2025-11-22T01:16:16.023348

Stroke Prediction using Clinical and Social Features in Machine Learning

Chadha

Every year in the United States, 800,000 individuals suffer a stroke - one person every 40 seconds, with a death occurring every four minutes. While individual factors vary, certain predictors are more prevalent in determining stroke risk. As strokes are the second leading cause of death and disability worldwide, predicting stroke likelihood based on lifestyle factors is crucial. Showing individuals their stroke risk could motivate lifestyle changes, and machine learning offers solutions to this prediction challenge. Neural networks excel at predicting outcomes based on training features like lifestyle factors, however, they're not the only option. Logistic regression models can also effectively compute the likelihood of binary outcomes based on independent variables, making them well-suited for stroke prediction. This analysis will compare both neural networks (dense and convolutional) and logistic regression models for stroke prediction, examining their pros, cons, and differences to develop the most effective predictor that minimizes false negatives.

academic

Basic Information

Paper ID: 2501.00048
Title: Stroke Prediction using Clinical and Social Features in Machine Learning
Author: Aidan Chadha (Virginia Tech)
Classification: cs.LG cs.AI
Publication Date/Venue: 2025 Preprint
Paper Link: https://arxiv.org/abs/2501.00048
Code Link: https://github.com/Aidan7757/stroke_prediction_using_clinical_social_features

Abstract

Approximately 800,000 people in the United States suffer from stroke annually, with one person experiencing a stroke every 40 seconds and one person dying from stroke every 4 minutes. As the second leading cause of death and disability globally, predicting stroke likelihood based on lifestyle factors is critically important.

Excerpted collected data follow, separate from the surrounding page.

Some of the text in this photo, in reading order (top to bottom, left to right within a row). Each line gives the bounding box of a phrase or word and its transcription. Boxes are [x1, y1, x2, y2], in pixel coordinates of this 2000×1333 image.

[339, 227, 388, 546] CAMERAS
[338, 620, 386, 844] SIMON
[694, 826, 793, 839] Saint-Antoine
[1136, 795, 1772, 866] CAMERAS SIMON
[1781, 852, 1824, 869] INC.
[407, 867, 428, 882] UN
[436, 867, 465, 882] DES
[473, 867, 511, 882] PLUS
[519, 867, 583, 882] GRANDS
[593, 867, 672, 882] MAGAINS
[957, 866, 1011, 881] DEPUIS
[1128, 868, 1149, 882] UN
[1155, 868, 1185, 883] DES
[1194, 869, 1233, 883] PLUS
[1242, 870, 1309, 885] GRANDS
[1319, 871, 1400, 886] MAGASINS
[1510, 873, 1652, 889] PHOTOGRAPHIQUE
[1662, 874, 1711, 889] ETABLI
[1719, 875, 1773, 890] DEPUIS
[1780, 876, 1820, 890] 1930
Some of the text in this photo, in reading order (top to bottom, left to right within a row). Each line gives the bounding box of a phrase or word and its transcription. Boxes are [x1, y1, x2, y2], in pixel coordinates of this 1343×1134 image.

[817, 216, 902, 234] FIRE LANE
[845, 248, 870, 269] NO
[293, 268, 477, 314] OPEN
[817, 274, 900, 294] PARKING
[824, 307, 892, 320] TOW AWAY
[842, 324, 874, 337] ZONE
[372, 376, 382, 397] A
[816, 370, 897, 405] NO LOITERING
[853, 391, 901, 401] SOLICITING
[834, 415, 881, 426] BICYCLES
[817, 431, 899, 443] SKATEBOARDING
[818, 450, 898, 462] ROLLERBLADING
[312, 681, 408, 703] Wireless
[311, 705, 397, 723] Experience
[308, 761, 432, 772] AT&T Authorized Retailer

This study compares the performance of neural networks (dense and convolutional) with logistic regression models in stroke prediction, aiming to develop the most effective predictor while minimizing false negatives.

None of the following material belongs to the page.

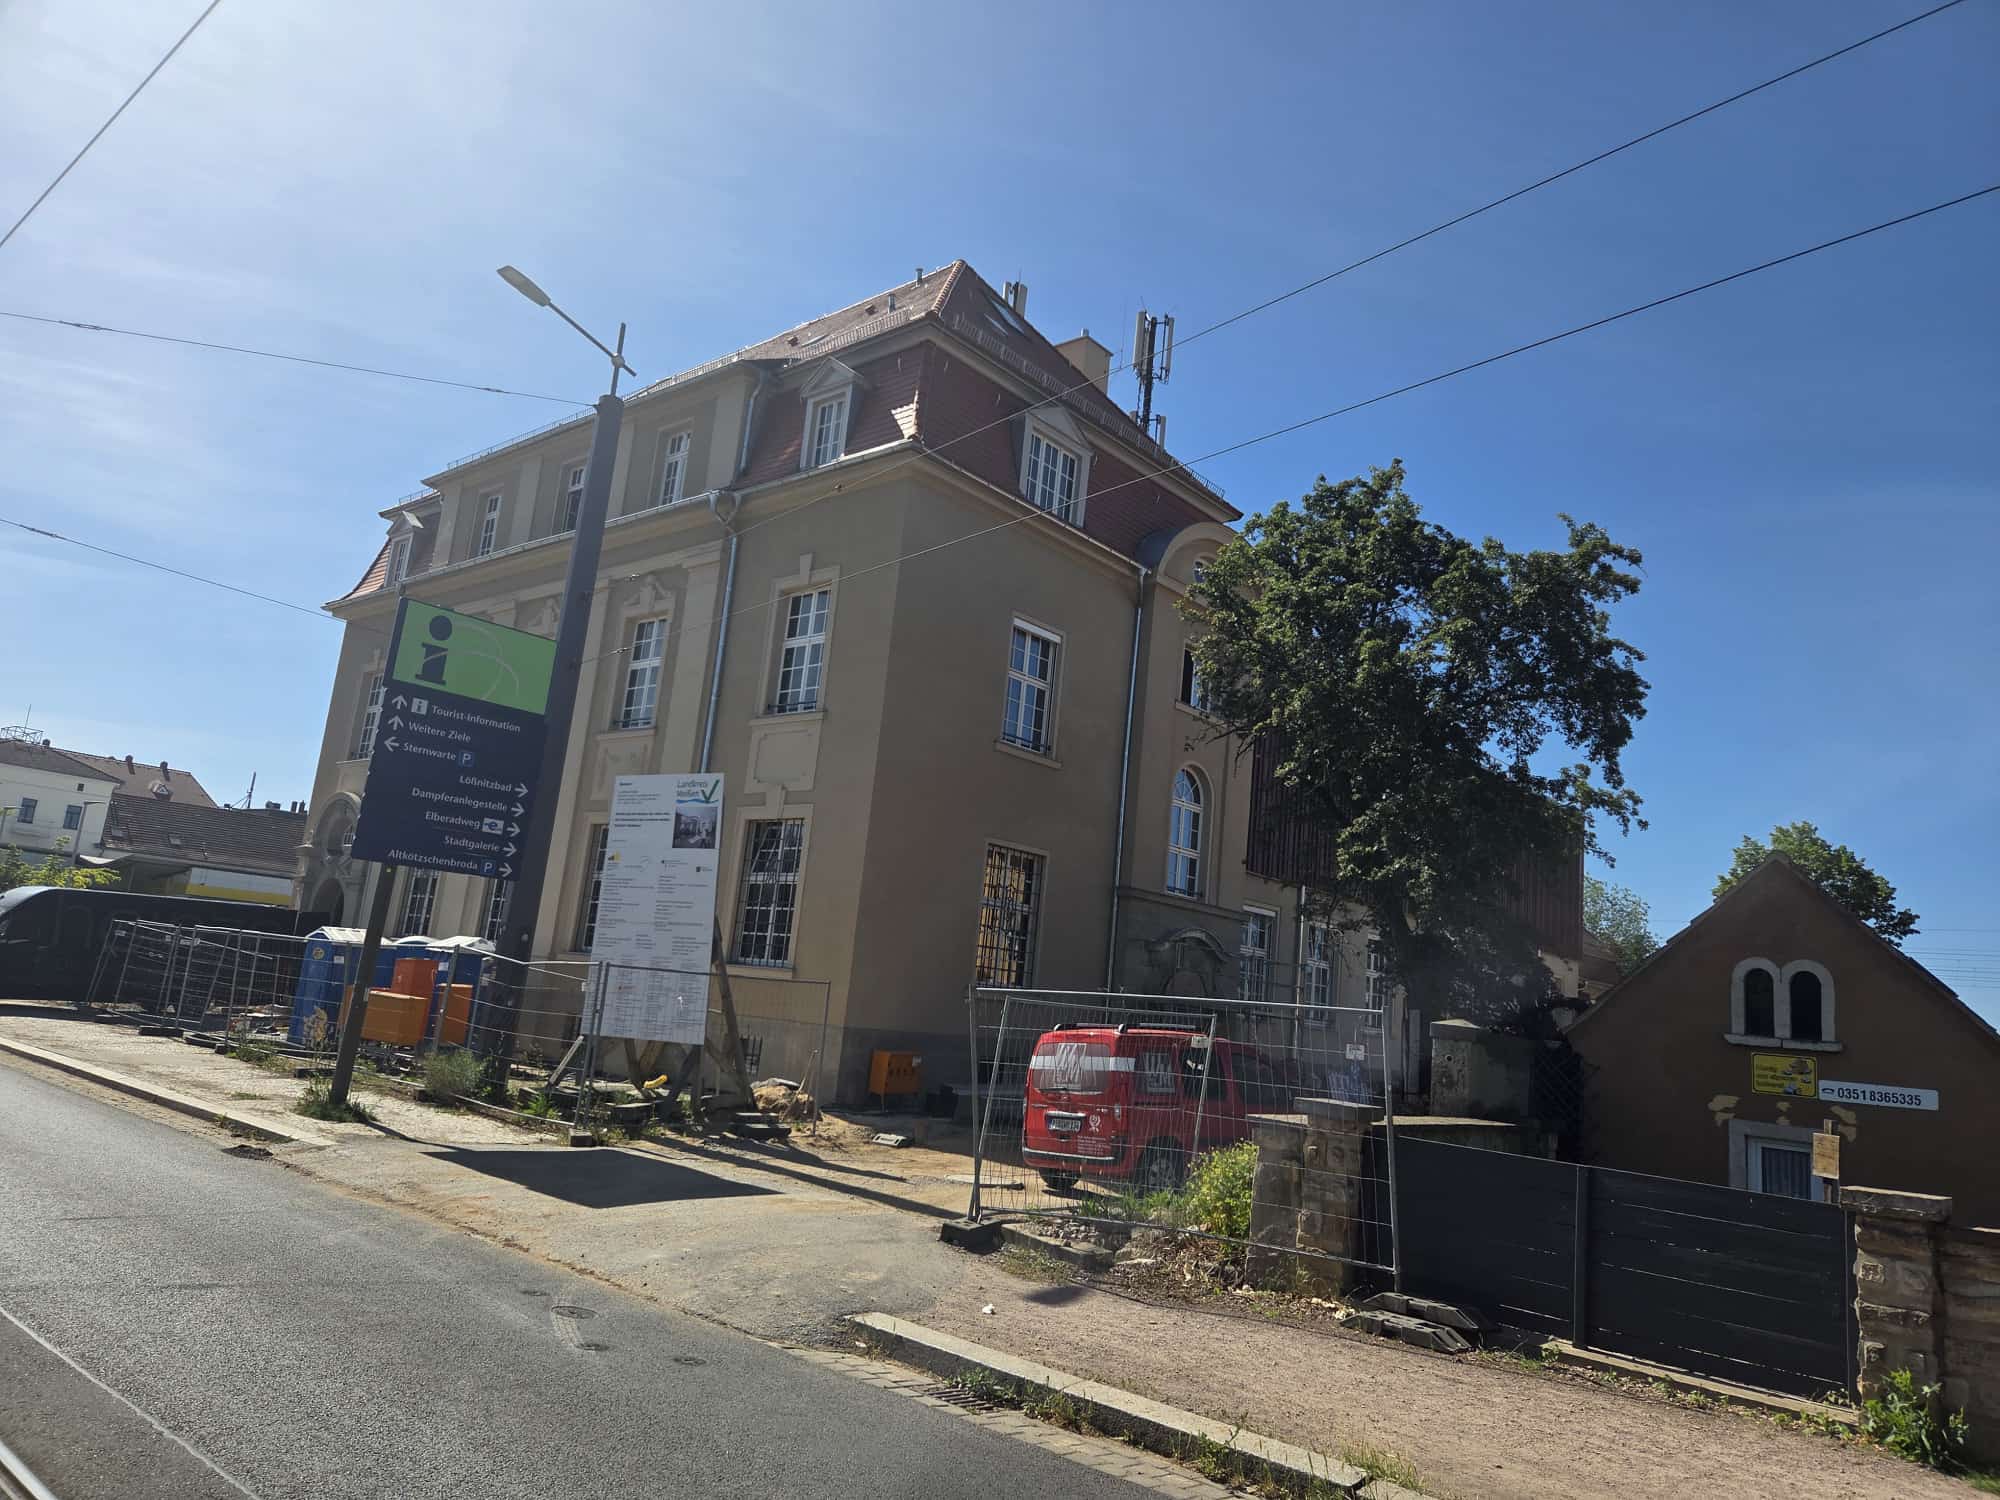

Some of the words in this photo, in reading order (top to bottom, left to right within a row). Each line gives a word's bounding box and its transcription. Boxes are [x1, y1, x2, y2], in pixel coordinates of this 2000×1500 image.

Research Background and Motivation

Problem Definition

Stroke prediction is a critical healthcare problem involving multiple internal and external factors:

External Factors: Marital status, occupation type, residential environment, etc.
Internal Factors: History of heart disease, BMI, age, blood glucose levels, etc.

Significance

Public Health Impact: Stroke is the second leading cause of death and disability globally
Prevention Value: Early risk assessment can motivate lifestyle changes
Clinical Application: Real-time risk assessment can be integrated into routine physical examinations

Existing Limitations

Lack of comprehensive predictive models that effectively combine clinical and social features
The harm of false negatives in medical settings has not received sufficient attention
Limited comparative studies of different machine learning methods in stroke prediction

Core Contributions

Multi-Model Comparison Framework: Systematically compares the performance of logistic regression, dense neural networks, and convolutional neural networks in stroke prediction
Medical-Oriented Evaluation Strategy: Focuses on minimizing false negatives, aligning with practical requirements in medical settings
Comprehensive Feature Analysis: Integrates clinical indicators and social factors for comprehensive risk assessment
Practical Multi-Model System Recommendations: Proposes a hierarchical prediction pipeline combining advantages of multiple models

Methodology

Task Definition

Input: Patient data containing 10 features (age, gender, hypertension, heart disease, marital status, occupation type, residence type, average blood glucose level, BMI, smoking status)
Output: Binary classification result (0: no stroke, 1: stroke)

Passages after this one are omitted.